Feb 01 2013
Atlantic: China to Tibetans: Stay Put
The Chinese Communist Party’s repression of its Tibetan minority now extends, apparently, to travel: Radio Free Asia reported last week that few Tibetans have been issued passports since last spring. Beijing has yet to comment officially about this issue, but its approach to Tibet has stiffened since cracking down on anti-government protests in the territory in 2008.
In order to get a clearer sense of why Beijing now restricts passport issuance, The Atlantic spoke with Professor Robert Barnett, the director of the Tibet Studies Institute at Columbia University and one of the world’s preeminent experts on the region, via e-mail.
Why has the Chinese government stopped issuing passports to Tibetan people? Why now?
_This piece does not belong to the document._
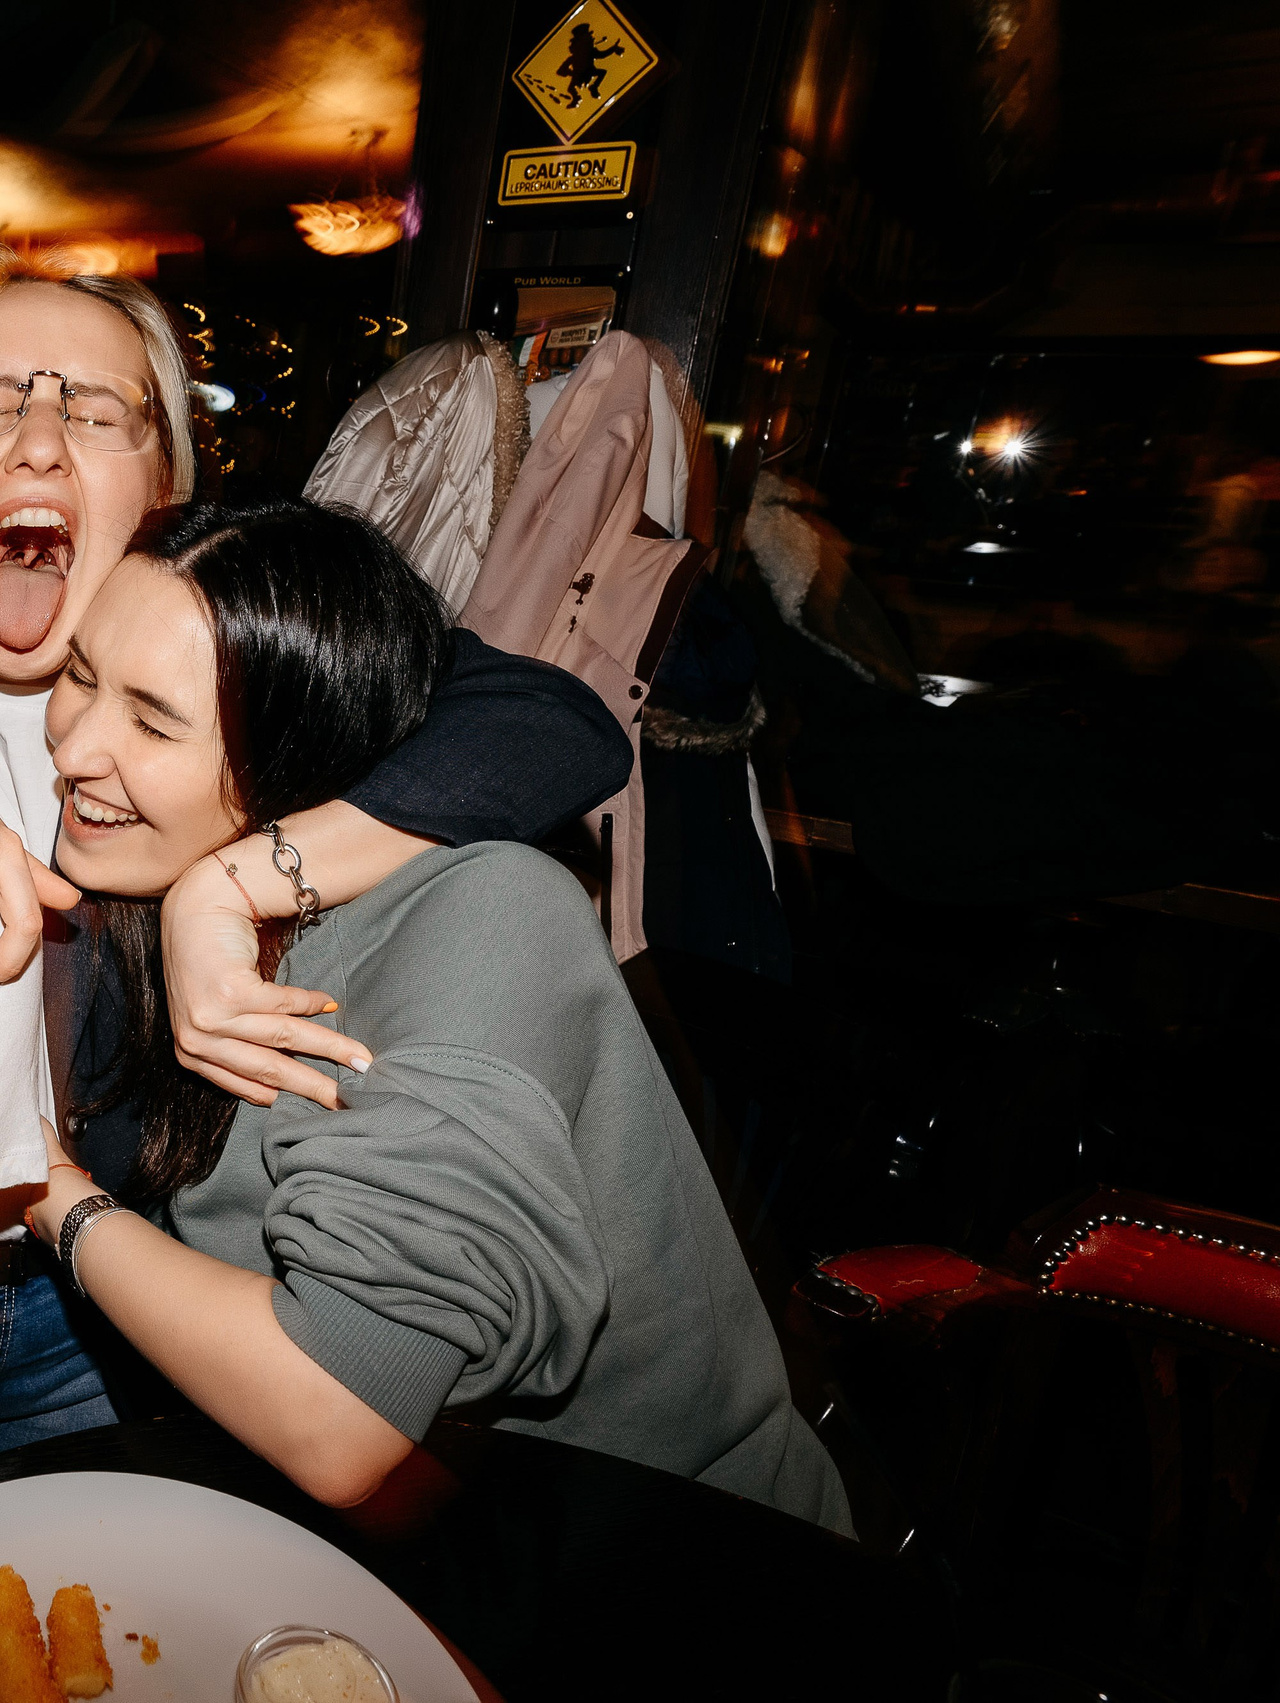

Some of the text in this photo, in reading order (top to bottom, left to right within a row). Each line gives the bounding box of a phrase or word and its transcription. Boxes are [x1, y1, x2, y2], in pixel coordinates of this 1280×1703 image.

[524, 159, 607, 180] CAUTION
[510, 176, 620, 194] LEPRECHAUNS CROSSING
The Chinese have given no public explanation so far, but we know from leaked internal documents that it started as a response to a relatively small event last year, one that they have treated as if they were a major threat: a few thousand Tibetans were given permission to travel legally on passports in December 2011 to Nepal, and they then went on to India to attend religious teachings by the Dalai Lama. When they returned, although they hadn’t broken any Chinese laws, they were put in detention for some two months and given political re-education and their passports were all withdrawn. Officially the authorities claimed that these passport cancellations would be done only to government employees and Chinese Communist Party members — but in fact they did it to all the Tibetans whom they suspected of having gone to these Buddhist teachings.